» **DIRECTIONS**
Return the data given below exactly as it appears.

====== DATA TO USE ======

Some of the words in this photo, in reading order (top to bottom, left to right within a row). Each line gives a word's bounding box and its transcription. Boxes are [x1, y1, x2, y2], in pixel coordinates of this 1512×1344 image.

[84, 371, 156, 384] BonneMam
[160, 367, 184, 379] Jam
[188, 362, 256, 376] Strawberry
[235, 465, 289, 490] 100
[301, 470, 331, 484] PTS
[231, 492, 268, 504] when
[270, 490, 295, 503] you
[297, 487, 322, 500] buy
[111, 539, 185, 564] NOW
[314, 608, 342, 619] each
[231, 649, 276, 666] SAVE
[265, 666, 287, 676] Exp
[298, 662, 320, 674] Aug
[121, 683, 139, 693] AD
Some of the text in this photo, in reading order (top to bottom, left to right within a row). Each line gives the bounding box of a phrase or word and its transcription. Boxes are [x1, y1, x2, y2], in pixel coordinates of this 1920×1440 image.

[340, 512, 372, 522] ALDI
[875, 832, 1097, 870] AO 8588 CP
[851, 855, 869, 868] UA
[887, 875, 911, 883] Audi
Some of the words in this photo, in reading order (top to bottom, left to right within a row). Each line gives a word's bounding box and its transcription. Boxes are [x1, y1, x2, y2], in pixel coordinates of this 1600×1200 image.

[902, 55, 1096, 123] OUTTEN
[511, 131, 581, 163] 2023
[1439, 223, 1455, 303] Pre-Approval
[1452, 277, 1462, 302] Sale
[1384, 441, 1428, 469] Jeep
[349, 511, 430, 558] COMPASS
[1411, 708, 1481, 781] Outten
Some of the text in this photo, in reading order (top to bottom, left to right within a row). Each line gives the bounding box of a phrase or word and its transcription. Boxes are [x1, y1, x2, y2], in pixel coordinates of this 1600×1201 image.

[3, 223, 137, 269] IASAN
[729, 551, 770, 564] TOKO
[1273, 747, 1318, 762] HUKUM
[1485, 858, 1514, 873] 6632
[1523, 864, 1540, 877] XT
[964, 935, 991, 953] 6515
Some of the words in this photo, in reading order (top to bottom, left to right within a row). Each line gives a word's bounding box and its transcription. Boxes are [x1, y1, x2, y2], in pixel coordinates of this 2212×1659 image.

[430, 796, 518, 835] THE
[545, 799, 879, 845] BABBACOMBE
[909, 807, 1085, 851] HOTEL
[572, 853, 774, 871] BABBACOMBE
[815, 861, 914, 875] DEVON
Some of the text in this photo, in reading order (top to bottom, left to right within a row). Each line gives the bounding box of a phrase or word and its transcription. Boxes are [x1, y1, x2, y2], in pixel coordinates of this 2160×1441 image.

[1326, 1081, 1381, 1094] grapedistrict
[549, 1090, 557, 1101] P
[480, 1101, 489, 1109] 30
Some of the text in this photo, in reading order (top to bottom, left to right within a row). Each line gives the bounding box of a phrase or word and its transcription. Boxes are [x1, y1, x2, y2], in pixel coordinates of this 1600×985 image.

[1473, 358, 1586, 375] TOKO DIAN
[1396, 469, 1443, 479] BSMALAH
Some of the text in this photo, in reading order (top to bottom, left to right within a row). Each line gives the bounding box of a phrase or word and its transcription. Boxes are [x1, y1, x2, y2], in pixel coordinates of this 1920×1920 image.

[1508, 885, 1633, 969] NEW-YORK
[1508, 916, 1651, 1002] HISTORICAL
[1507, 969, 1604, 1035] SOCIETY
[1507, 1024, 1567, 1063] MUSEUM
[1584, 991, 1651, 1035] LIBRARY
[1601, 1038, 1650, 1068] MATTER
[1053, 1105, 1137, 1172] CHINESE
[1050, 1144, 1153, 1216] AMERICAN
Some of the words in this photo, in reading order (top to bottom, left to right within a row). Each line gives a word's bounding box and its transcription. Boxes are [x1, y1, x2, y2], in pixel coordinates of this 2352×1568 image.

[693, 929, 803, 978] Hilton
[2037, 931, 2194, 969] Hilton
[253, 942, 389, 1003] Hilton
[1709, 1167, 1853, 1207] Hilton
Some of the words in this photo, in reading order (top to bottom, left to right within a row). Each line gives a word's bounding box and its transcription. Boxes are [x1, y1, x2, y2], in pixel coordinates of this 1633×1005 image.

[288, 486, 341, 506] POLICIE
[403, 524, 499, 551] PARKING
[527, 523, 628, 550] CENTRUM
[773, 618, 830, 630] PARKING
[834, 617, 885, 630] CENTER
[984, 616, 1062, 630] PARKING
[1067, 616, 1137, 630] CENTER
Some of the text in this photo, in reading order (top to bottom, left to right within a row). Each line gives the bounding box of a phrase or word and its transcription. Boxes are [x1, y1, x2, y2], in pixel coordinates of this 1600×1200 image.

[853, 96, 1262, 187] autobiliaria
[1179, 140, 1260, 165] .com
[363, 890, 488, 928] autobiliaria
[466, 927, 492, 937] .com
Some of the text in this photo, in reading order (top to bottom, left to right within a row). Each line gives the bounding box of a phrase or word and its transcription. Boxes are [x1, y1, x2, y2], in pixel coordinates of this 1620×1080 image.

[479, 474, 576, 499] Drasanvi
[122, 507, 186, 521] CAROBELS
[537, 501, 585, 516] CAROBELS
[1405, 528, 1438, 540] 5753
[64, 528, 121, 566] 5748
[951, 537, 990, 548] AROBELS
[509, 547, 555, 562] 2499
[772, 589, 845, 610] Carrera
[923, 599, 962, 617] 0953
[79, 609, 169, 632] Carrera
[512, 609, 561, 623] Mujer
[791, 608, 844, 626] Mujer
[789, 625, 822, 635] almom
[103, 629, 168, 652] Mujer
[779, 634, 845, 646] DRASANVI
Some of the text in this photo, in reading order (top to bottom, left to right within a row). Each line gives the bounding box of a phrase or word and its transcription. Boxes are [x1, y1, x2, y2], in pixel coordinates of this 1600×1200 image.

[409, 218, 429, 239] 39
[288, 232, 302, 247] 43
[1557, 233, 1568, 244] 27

======

» **WRITTEN ANSWER**
Some of the words in this photo, in reading order (top to bottom, left to right within a row). Each line gives a word's bounding box and its transcription. Boxes are [x1, y1, x2, y2], in pixel coordinates of this 1512×1344 image.

[84, 371, 156, 384] BonneMam
[160, 367, 184, 379] Jam
[188, 362, 256, 376] Strawberry
[235, 465, 289, 490] 100
[301, 470, 331, 484] PTS
[231, 492, 268, 504] when
[270, 490, 295, 503] you
[297, 487, 322, 500] buy
[111, 539, 185, 564] NOW
[314, 608, 342, 619] each
[231, 649, 276, 666] SAVE
[265, 666, 287, 676] Exp
[298, 662, 320, 674] Aug
[121, 683, 139, 693] AD
Some of the text in this photo, in reading order (top to bottom, left to right within a row). Each line gives the bounding box of a phrase or word and its transcription. Boxes are [x1, y1, x2, y2], in pixel coordinates of this 1920×1440 image.

[340, 512, 372, 522] ALDI
[875, 832, 1097, 870] AO 8588 CP
[851, 855, 869, 868] UA
[887, 875, 911, 883] Audi
Some of the words in this photo, in reading order (top to bottom, left to right within a row). Each line gives a word's bounding box and its transcription. Boxes are [x1, y1, x2, y2], in pixel coordinates of this 1600×1200 image.

[902, 55, 1096, 123] OUTTEN
[511, 131, 581, 163] 2023
[1439, 223, 1455, 303] Pre-Approval
[1452, 277, 1462, 302] Sale
[1384, 441, 1428, 469] Jeep
[349, 511, 430, 558] COMPASS
[1411, 708, 1481, 781] Outten
Some of the text in this photo, in reading order (top to bottom, left to right within a row). Each line gives the bounding box of a phrase or word and its transcription. Boxes are [x1, y1, x2, y2], in pixel coordinates of this 1600×1201 image.

[3, 223, 137, 269] IASAN
[729, 551, 770, 564] TOKO
[1273, 747, 1318, 762] HUKUM
[1485, 858, 1514, 873] 6632
[1523, 864, 1540, 877] XT
[964, 935, 991, 953] 6515
Some of the words in this photo, in reading order (top to bottom, left to right within a row). Each line gives a word's bounding box and its transcription. Boxes are [x1, y1, x2, y2], in pixel coordinates of this 2212×1659 image.

[430, 796, 518, 835] THE
[545, 799, 879, 845] BABBACOMBE
[909, 807, 1085, 851] HOTEL
[572, 853, 774, 871] BABBACOMBE
[815, 861, 914, 875] DEVON
Some of the text in this photo, in reading order (top to bottom, left to right within a row). Each line gives the bounding box of a phrase or word and its transcription. Boxes are [x1, y1, x2, y2], in pixel coordinates of this 2160×1441 image.

[1326, 1081, 1381, 1094] grapedistrict
[549, 1090, 557, 1101] P
[480, 1101, 489, 1109] 30
Some of the text in this photo, in reading order (top to bottom, left to right within a row). Each line gives the bounding box of a phrase or word and its transcription. Boxes are [x1, y1, x2, y2], in pixel coordinates of this 1600×985 image.

[1473, 358, 1586, 375] TOKO DIAN
[1396, 469, 1443, 479] BSMALAH
Some of the text in this photo, in reading order (top to bottom, left to right within a row). Each line gives the bounding box of a phrase or word and its transcription. Boxes are [x1, y1, x2, y2], in pixel coordinates of this 1920×1920 image.

[1508, 885, 1633, 969] NEW-YORK
[1508, 916, 1651, 1002] HISTORICAL
[1507, 969, 1604, 1035] SOCIETY
[1507, 1024, 1567, 1063] MUSEUM
[1584, 991, 1651, 1035] LIBRARY
[1601, 1038, 1650, 1068] MATTER
[1053, 1105, 1137, 1172] CHINESE
[1050, 1144, 1153, 1216] AMERICAN
Some of the words in this photo, in reading order (top to bottom, left to right within a row). Each line gives a word's bounding box and its transcription. Boxes are [x1, y1, x2, y2], in pixel coordinates of this 2352×1568 image.

[693, 929, 803, 978] Hilton
[2037, 931, 2194, 969] Hilton
[253, 942, 389, 1003] Hilton
[1709, 1167, 1853, 1207] Hilton
Some of the words in this photo, in reading order (top to bottom, left to right within a row). Each line gives a word's bounding box and its transcription. Boxes are [x1, y1, x2, y2], in pixel coordinates of this 1633×1005 image.

[288, 486, 341, 506] POLICIE
[403, 524, 499, 551] PARKING
[527, 523, 628, 550] CENTRUM
[773, 618, 830, 630] PARKING
[834, 617, 885, 630] CENTER
[984, 616, 1062, 630] PARKING
[1067, 616, 1137, 630] CENTER
Some of the text in this photo, in reading order (top to bottom, left to right within a row). Each line gives the bounding box of a phrase or word and its transcription. Boxes are [x1, y1, x2, y2], in pixel coordinates of this 1600×1200 image.

[853, 96, 1262, 187] autobiliaria
[1179, 140, 1260, 165] .com
[363, 890, 488, 928] autobiliaria
[466, 927, 492, 937] .com
Some of the text in this photo, in reading order (top to bottom, left to right within a row). Each line gives the bounding box of a phrase or word and its transcription. Boxes are [x1, y1, x2, y2], in pixel coordinates of this 1620×1080 image.

[479, 474, 576, 499] Drasanvi
[122, 507, 186, 521] CAROBELS
[537, 501, 585, 516] CAROBELS
[1405, 528, 1438, 540] 5753
[64, 528, 121, 566] 5748
[951, 537, 990, 548] AROBELS
[509, 547, 555, 562] 2499
[772, 589, 845, 610] Carrera
[923, 599, 962, 617] 0953
[79, 609, 169, 632] Carrera
[512, 609, 561, 623] Mujer
[791, 608, 844, 626] Mujer
[789, 625, 822, 635] almom
[103, 629, 168, 652] Mujer
[779, 634, 845, 646] DRASANVI
Some of the text in this photo, in reading order (top to bottom, left to right within a row). Each line gives the bounding box of a phrase or word and its transcription. Boxes are [x1, y1, x2, y2], in pixel coordinates of this 1600×1200 image.

[409, 218, 429, 239] 39
[288, 232, 302, 247] 43
[1557, 233, 1568, 244] 27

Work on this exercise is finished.